Ape index, ape factor, or gorilla index is slang or jargon used to describe a measure of the ratio of an individual's arm span relative to their height.  A typical ratio is 1, as identified by the Roman writer, architect and engineer Vitruvius prior to 15 BC. Vitruvius noted that a "well made man" has an arm span equal to his height, as exemplified in Leonardo da Vinci's c. 1492 drawing, the Vitruvian Man. In rock climbing it is believed that an ape index greater than one, where the arm span is greater than the height, provides for a competitive advantage, and some climbers have expressed the belief that exercise can result in an improved ratio, although this view is somewhat controversial.

Computation 

The ape index is usually defined as the ratio of arm span to height. 
However, an alternative approach is arm span minus height with the result being positive, 0 or negative.
Unlike the unitless ratio, this calculation produces a numeric value in the units of measurement used to represent the height and arm span.

Significance in rock climbing 

Multiple studies have been conducted into the effect of physiological factors, such as anthropometry and flexibility, in determining rock climbing ability. A number of these have included the Ape Index as one of the variables. However, the results have been mixed.

One study found that "untrainable" physical factors, including the Ape Index, were not necessarily predictors of climbing ability, in spite of a general tendency identified in previous studies for elite athletes in the sport to share these characteristics.

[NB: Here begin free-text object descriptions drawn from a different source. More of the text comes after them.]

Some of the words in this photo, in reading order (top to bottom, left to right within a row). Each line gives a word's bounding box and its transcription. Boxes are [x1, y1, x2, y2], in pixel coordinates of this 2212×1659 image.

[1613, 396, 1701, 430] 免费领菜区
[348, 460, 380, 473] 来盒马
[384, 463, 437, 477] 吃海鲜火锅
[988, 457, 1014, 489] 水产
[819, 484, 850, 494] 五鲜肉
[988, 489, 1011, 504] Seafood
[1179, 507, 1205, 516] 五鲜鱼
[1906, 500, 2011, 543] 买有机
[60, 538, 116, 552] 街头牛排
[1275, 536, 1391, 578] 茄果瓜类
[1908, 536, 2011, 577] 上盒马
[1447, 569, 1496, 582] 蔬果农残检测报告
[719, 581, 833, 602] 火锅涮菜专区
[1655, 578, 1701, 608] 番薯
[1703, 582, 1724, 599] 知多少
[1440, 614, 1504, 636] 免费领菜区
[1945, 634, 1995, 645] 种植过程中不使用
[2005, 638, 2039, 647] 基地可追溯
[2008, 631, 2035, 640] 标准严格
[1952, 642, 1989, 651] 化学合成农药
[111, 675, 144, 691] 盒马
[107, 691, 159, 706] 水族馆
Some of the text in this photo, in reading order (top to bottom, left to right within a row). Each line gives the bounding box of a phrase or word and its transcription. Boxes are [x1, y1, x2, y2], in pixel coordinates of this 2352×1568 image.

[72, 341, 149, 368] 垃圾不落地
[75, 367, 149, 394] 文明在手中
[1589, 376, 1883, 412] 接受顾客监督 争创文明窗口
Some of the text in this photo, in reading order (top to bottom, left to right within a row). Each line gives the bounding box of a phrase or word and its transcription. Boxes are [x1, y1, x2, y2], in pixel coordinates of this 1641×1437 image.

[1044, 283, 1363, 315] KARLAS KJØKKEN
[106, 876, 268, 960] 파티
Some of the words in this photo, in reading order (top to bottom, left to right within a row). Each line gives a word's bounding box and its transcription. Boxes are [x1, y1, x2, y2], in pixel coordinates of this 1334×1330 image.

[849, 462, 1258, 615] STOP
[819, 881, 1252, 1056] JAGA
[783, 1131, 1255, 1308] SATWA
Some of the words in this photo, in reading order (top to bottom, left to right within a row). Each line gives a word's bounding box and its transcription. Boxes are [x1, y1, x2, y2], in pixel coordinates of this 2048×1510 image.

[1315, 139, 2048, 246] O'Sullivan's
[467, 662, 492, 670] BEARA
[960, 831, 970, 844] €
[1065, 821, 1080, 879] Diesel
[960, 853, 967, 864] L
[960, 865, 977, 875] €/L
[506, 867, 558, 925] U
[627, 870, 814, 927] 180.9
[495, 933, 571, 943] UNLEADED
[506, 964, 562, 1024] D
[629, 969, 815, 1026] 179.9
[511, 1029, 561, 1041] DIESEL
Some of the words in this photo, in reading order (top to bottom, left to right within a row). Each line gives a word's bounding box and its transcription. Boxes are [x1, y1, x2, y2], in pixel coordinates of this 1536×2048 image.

This was supported by a later study that also found that the Ape Index was not statistically relevant. However, the authors of this second study noted that the findings may have been due to the low variability in the index between the climbers, who all had significantly higher Ape Indices than those found in the control group. Thus they left open the possibility that the Ape Index may be more significant when there is a greater degree of equivalence between the other traits under consideration.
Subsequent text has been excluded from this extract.